Exercise brief = Repeat the records exactly as given. Do not include the pictures.

Data to process =
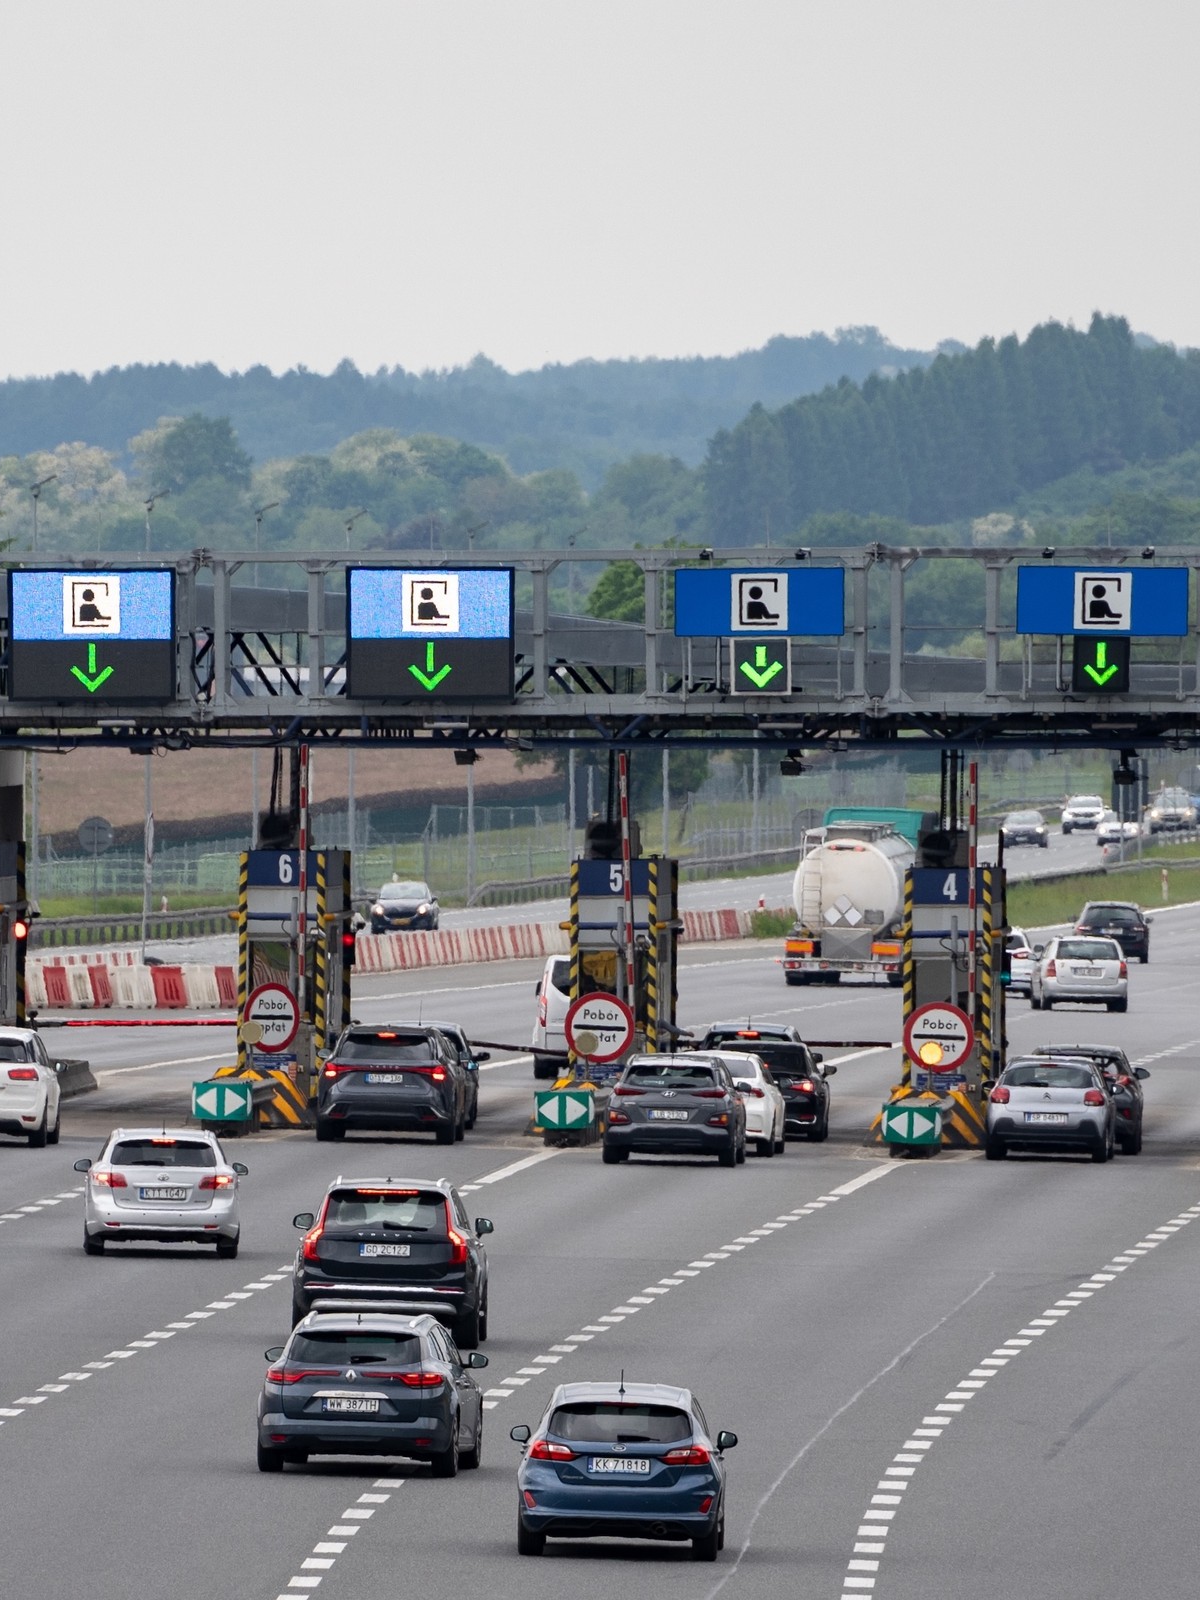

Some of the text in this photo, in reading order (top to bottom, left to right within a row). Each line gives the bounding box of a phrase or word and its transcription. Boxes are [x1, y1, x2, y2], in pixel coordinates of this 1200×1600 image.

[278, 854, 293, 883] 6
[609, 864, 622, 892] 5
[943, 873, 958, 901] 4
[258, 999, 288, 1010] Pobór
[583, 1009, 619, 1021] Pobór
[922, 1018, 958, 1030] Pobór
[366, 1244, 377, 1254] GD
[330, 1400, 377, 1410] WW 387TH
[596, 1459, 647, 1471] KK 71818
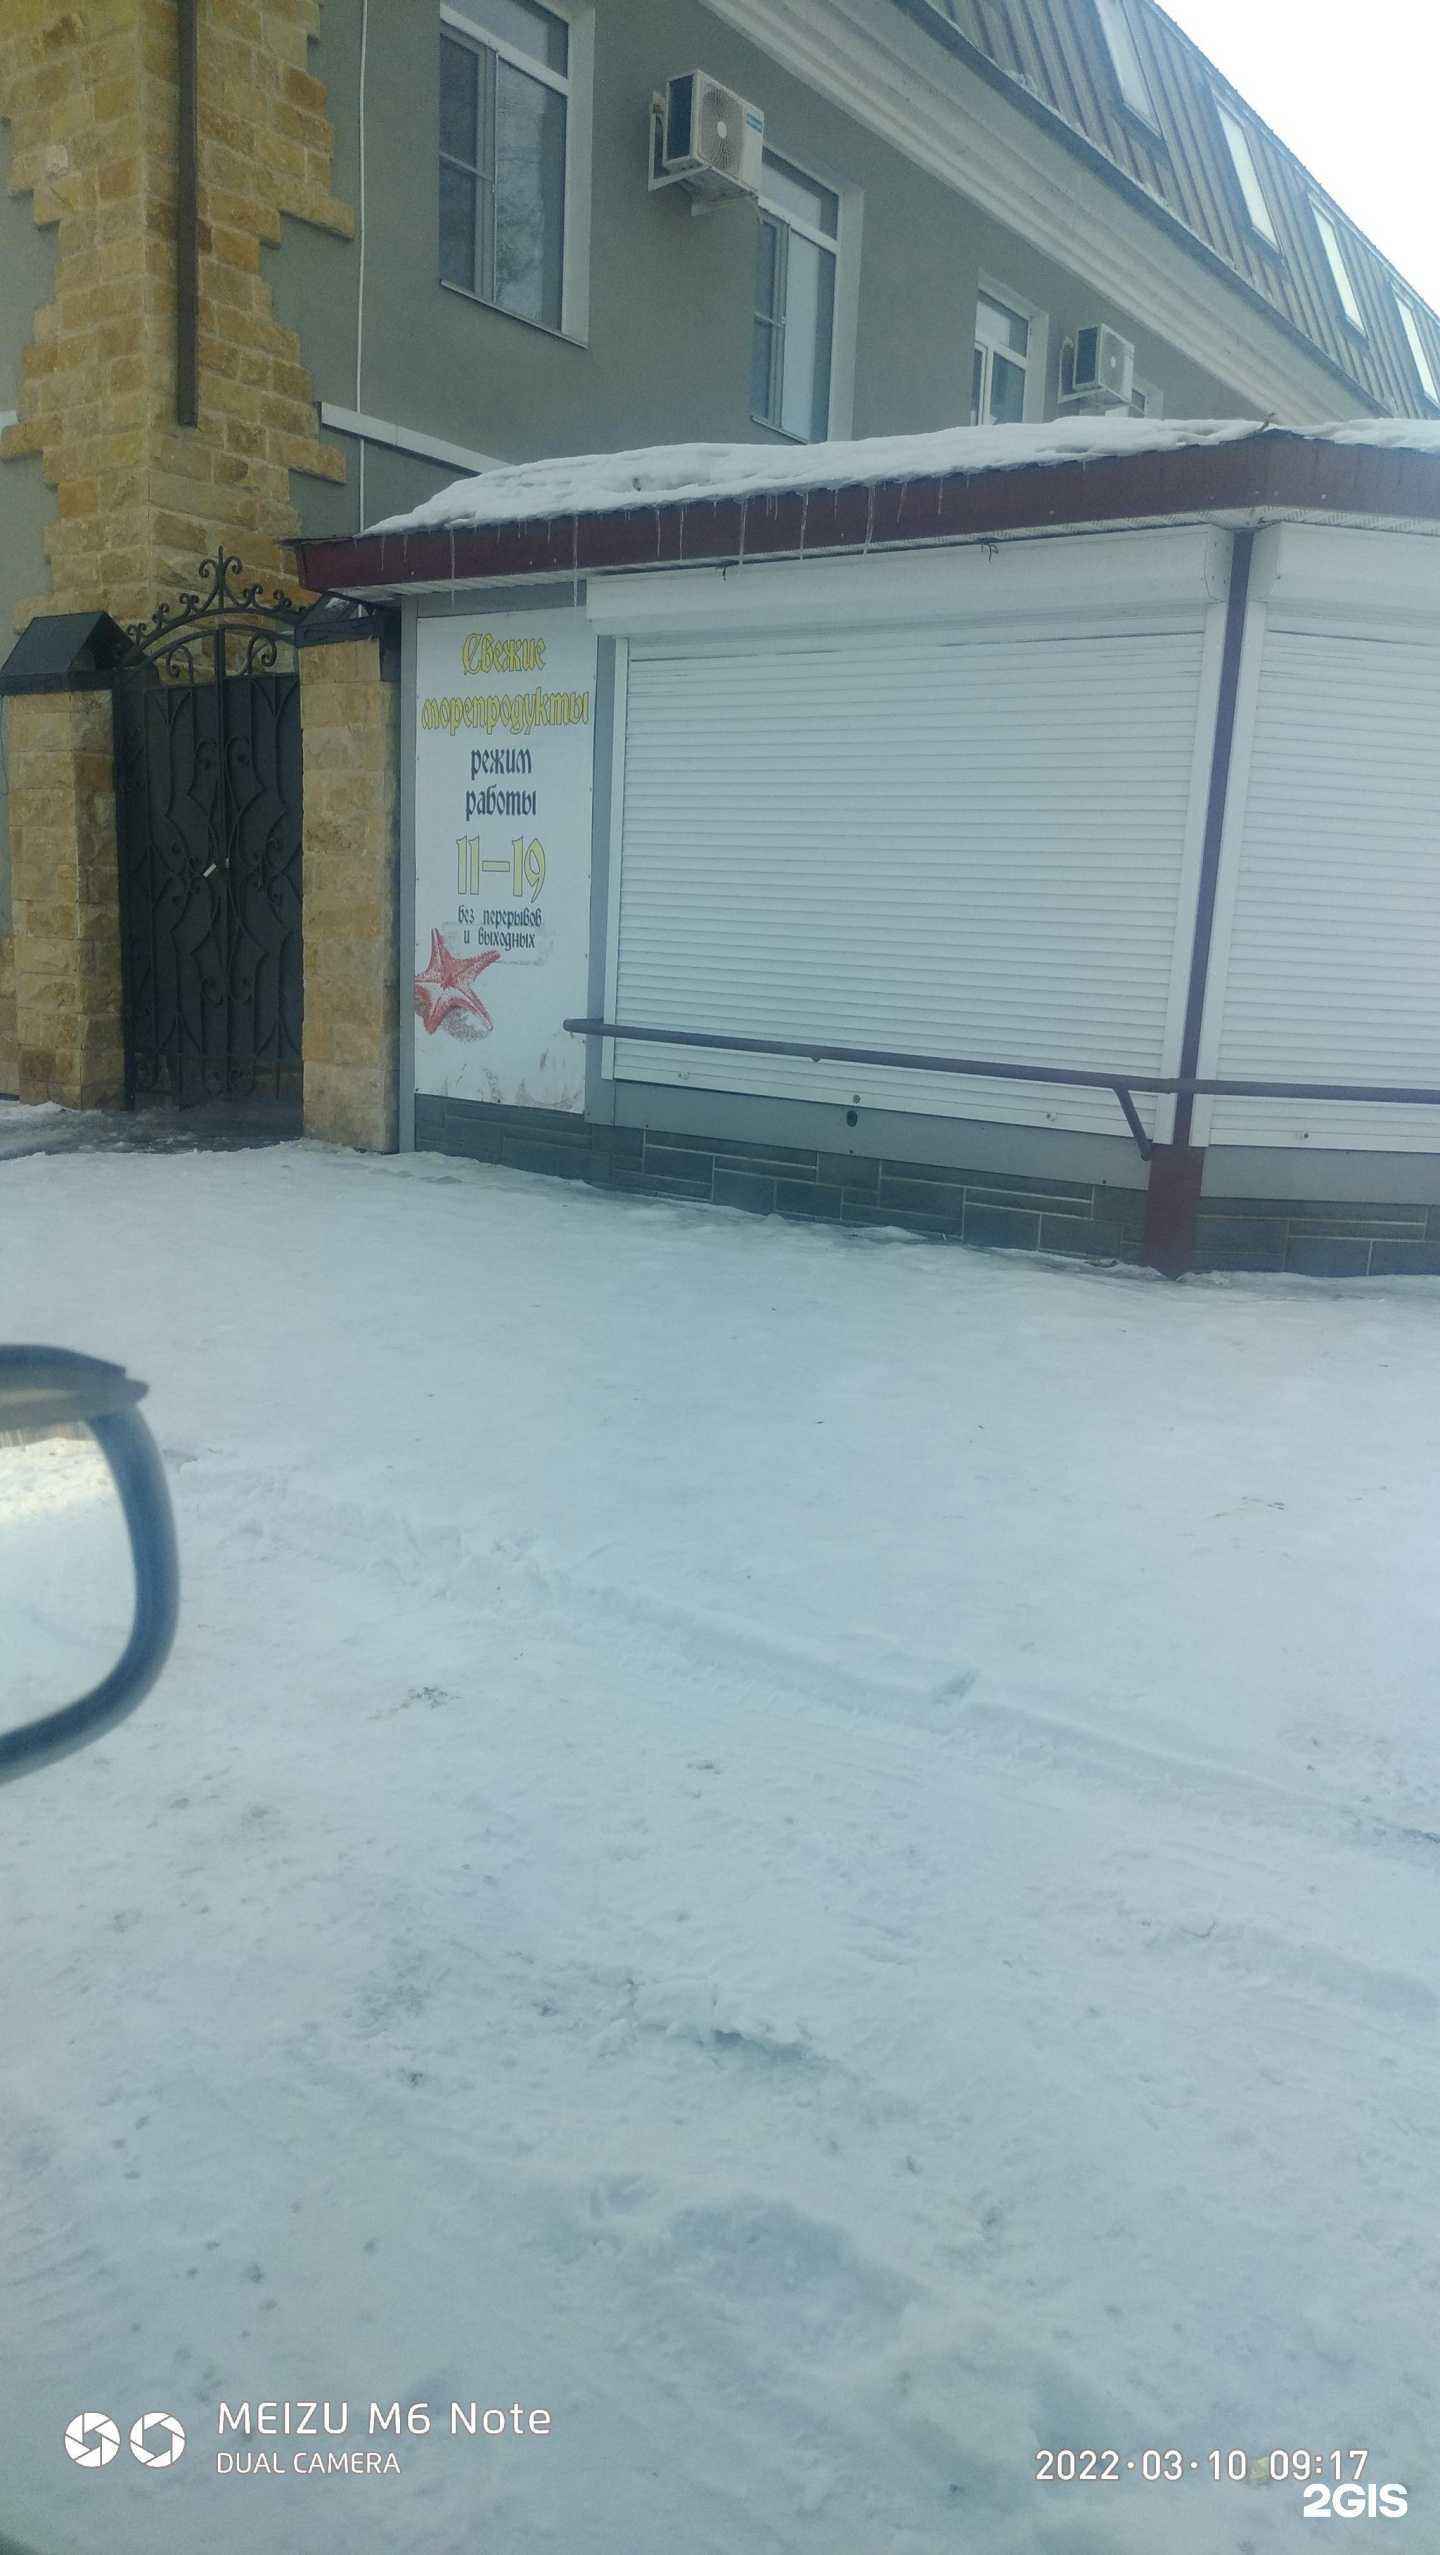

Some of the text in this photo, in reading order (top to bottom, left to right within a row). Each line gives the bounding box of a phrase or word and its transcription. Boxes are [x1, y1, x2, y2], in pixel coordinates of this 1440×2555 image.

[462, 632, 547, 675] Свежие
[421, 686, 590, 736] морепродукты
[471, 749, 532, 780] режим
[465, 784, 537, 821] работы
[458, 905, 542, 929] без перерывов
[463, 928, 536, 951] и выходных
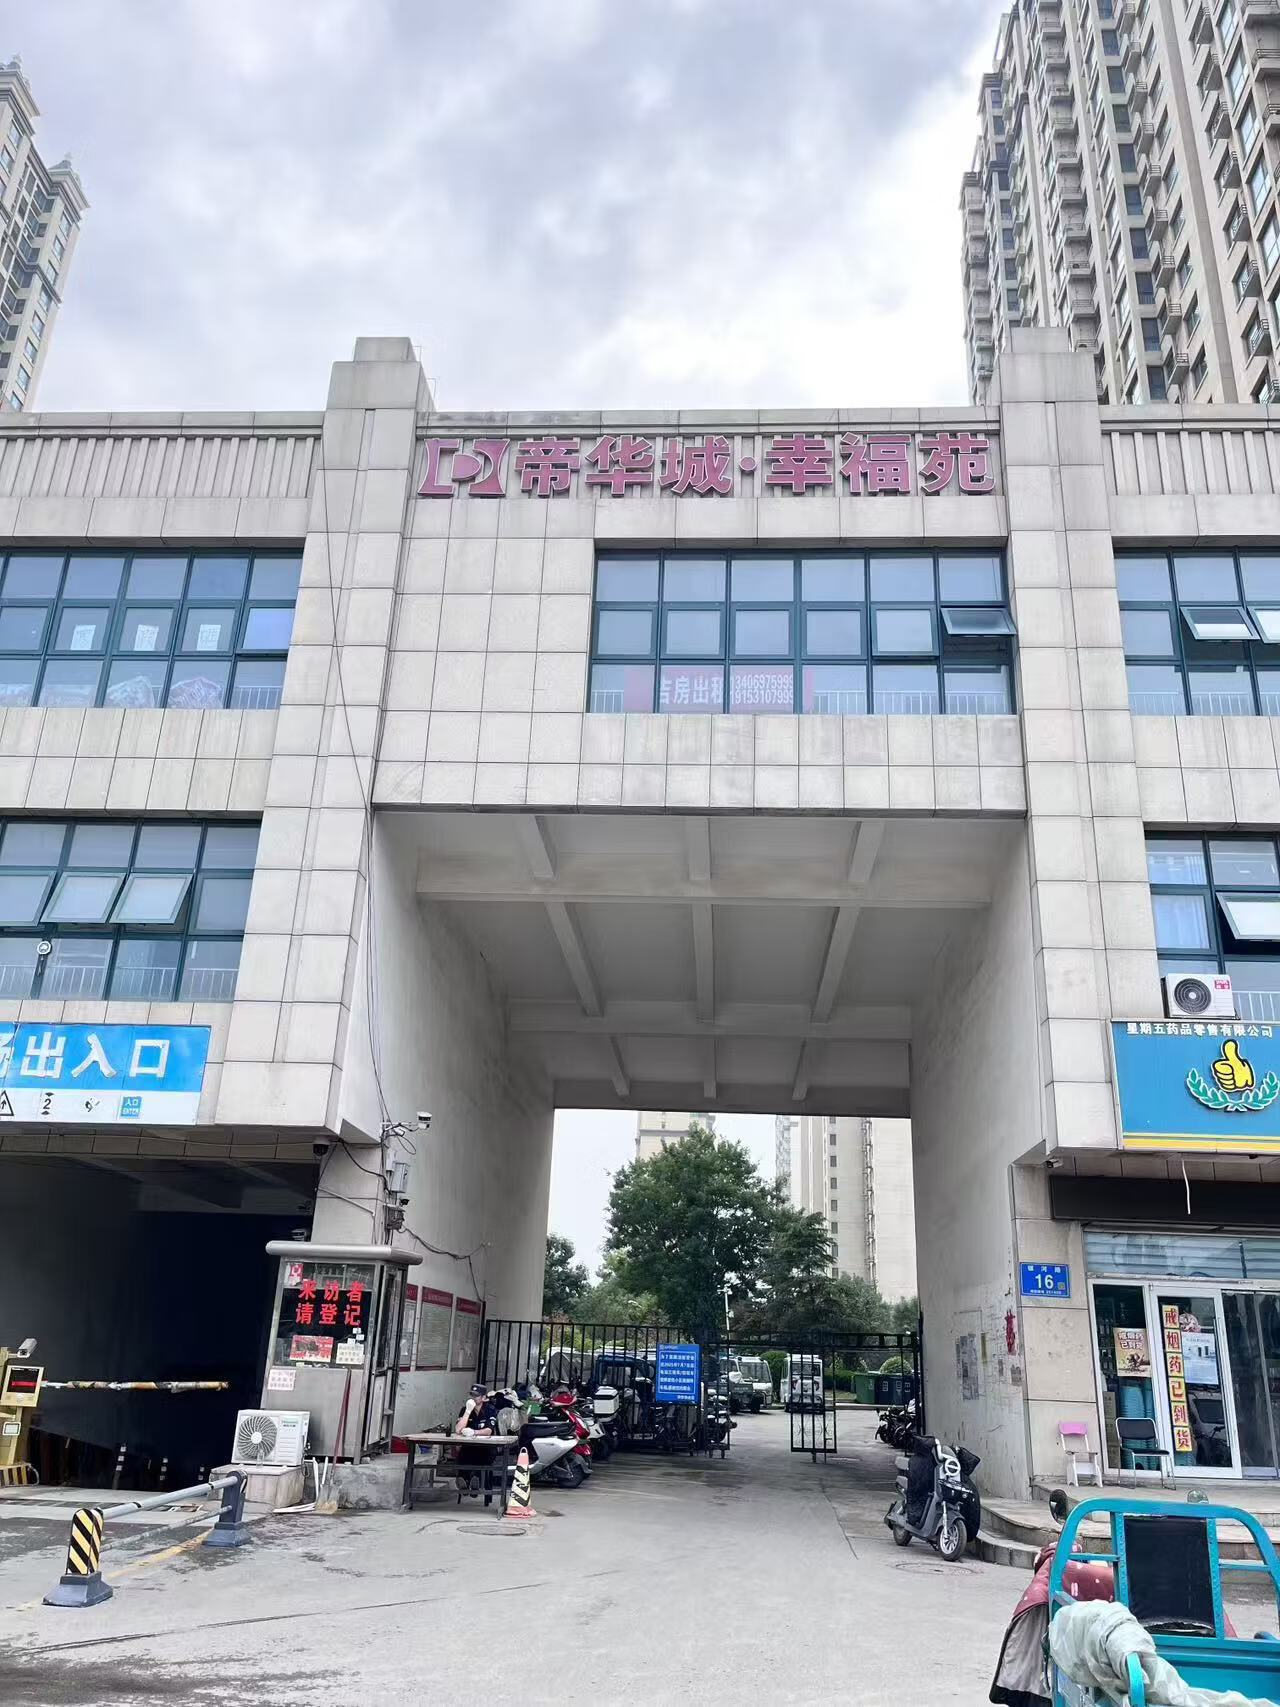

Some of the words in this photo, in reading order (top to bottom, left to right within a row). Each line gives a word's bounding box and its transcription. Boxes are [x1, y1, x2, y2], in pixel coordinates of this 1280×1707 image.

Answer box =
Some of the text in this photo, in reading order (top to bottom, left to right within a row). Each line gives the bounding box of a phrase or word and its transcription. Boxes are [x1, y1, x2, y2], in pixel coordinates of this 1200×1600 image.

[278, 854, 293, 883] 6
[609, 864, 622, 892] 5
[943, 873, 958, 901] 4
[258, 999, 288, 1010] Pobór
[583, 1009, 619, 1021] Pobór
[922, 1018, 958, 1030] Pobór
[366, 1244, 377, 1254] GD
[330, 1400, 377, 1410] WW 387TH
[596, 1459, 647, 1471] KK 71818

Some of the text in this photo, in reading order (top to bottom, left to right within a row). Each line gives the bounding box of a phrase or word and its transcription. Boxes are [x1, y1, x2, y2], in pixel coordinates of this 1440×2555 image.

[462, 632, 547, 675] Свежие
[421, 686, 590, 736] морепродукты
[471, 749, 532, 780] режим
[465, 784, 537, 821] работы
[458, 905, 542, 929] без перерывов
[463, 928, 536, 951] и выходных

Some of the words in this photo, in reading order (top to bottom, left to right within a row). Each line gives a word's bounding box and its transcription. Boxes are [x1, y1, x2, y2], in pixel coordinates of this 1280×1707 image.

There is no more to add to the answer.